Proses Pemeriksaan Masih Berjalan
Bima Arya menjelaskan bahwa pihaknya masih menanti hasil pemeriksaan menyeluruh yang kini sedang dilakukan oleh Inspektorat Jenderal Kementerian Dalam Negeri. Menurut peraturan pemerintah, hasil final biasanya keluar dalam jangka waktu maksimal dua pekan, meskipun tidak menutup kemungkinan lebih cepat jika proses berjalan lancar.
“Dalam peraturan pemerintah, jangka waktu adalah 14 hari. Tapi tentu tidak tertutup kemungkinan lebih cepat, itu saja. Ini kan masih belum selesai seperti disampaikan Pak Sekretaris Itjen tadi, masih akan dikembangkan dan 43 itu kan tadi mengait juga ke beberapa pihak yang harus kami konfirmasi lagi,” tutur Bima.
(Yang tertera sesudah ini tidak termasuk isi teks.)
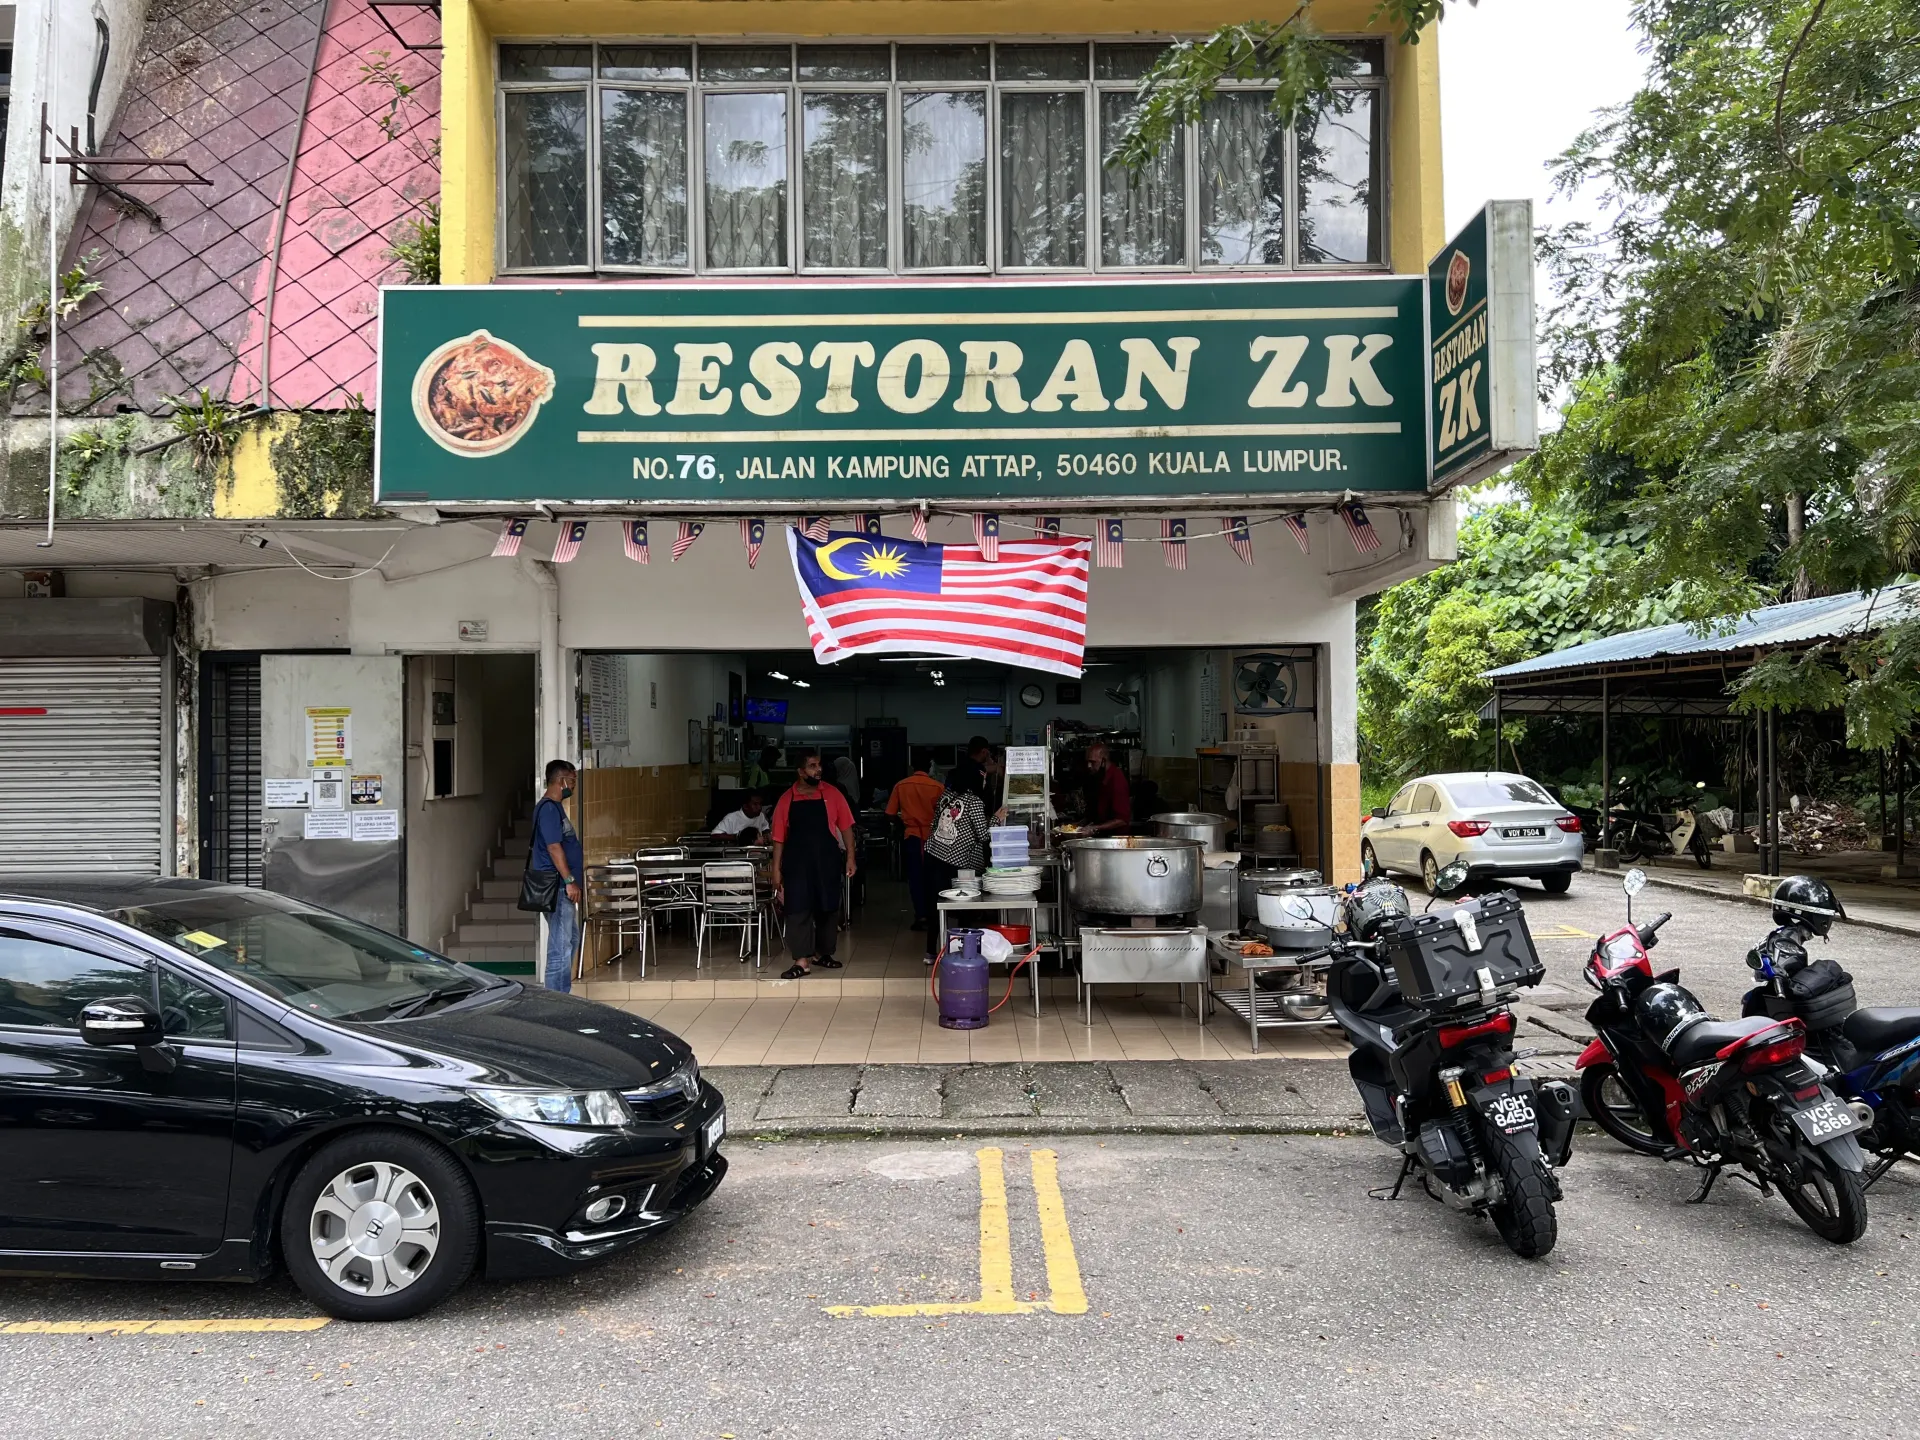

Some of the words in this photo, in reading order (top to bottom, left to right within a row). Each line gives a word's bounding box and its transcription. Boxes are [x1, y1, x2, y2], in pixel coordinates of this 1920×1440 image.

Pemeriksaan kali ini, kata Bima, akan menyisir berbagai aspek, termasuk kemungkinan adanya dana negara yang ikut terpakai dalam perjalanan tersebut, serta potensi penerimaan dari pihak ketiga yang mungkin terkait.
“Terkait misalnya apakah ada penggunaan uang negara di sini dan juga apakah juga ada potensi penerimaan uang dari pihak-pihak tertentu, ini kan harus dikembangkan jadi pemeriksaan ini menyeluruh, menyeluruh, ini yang dilakukan oleh Inspektorat,” tambahnya.
Dihujani 43 Pertanyaan, Lucky Hakim Klarifikasi Soal Jepang
Dalam rangkaian pemeriksaan yang berlangsung sekitar dua jam, Lucky Hakim harus menjawab puluhan pertanyaan yang diajukan tim Itjen Kemendagri. Fokus utamanya berkisar pada rincian perjalanan ke Jepang yang dilakukannya tanpa mengajukan permohonan izin terlebih dahulu.
“Ada sekitar 43 pertanyaan, ada 2 jam-an lebih. Tadi (pertanyaan) terkait tentang berangkat secara umum ya, berangkat ini kapan berangkatnya? lalu fasilitas apa yang saya gunakan,” ujar Lucky.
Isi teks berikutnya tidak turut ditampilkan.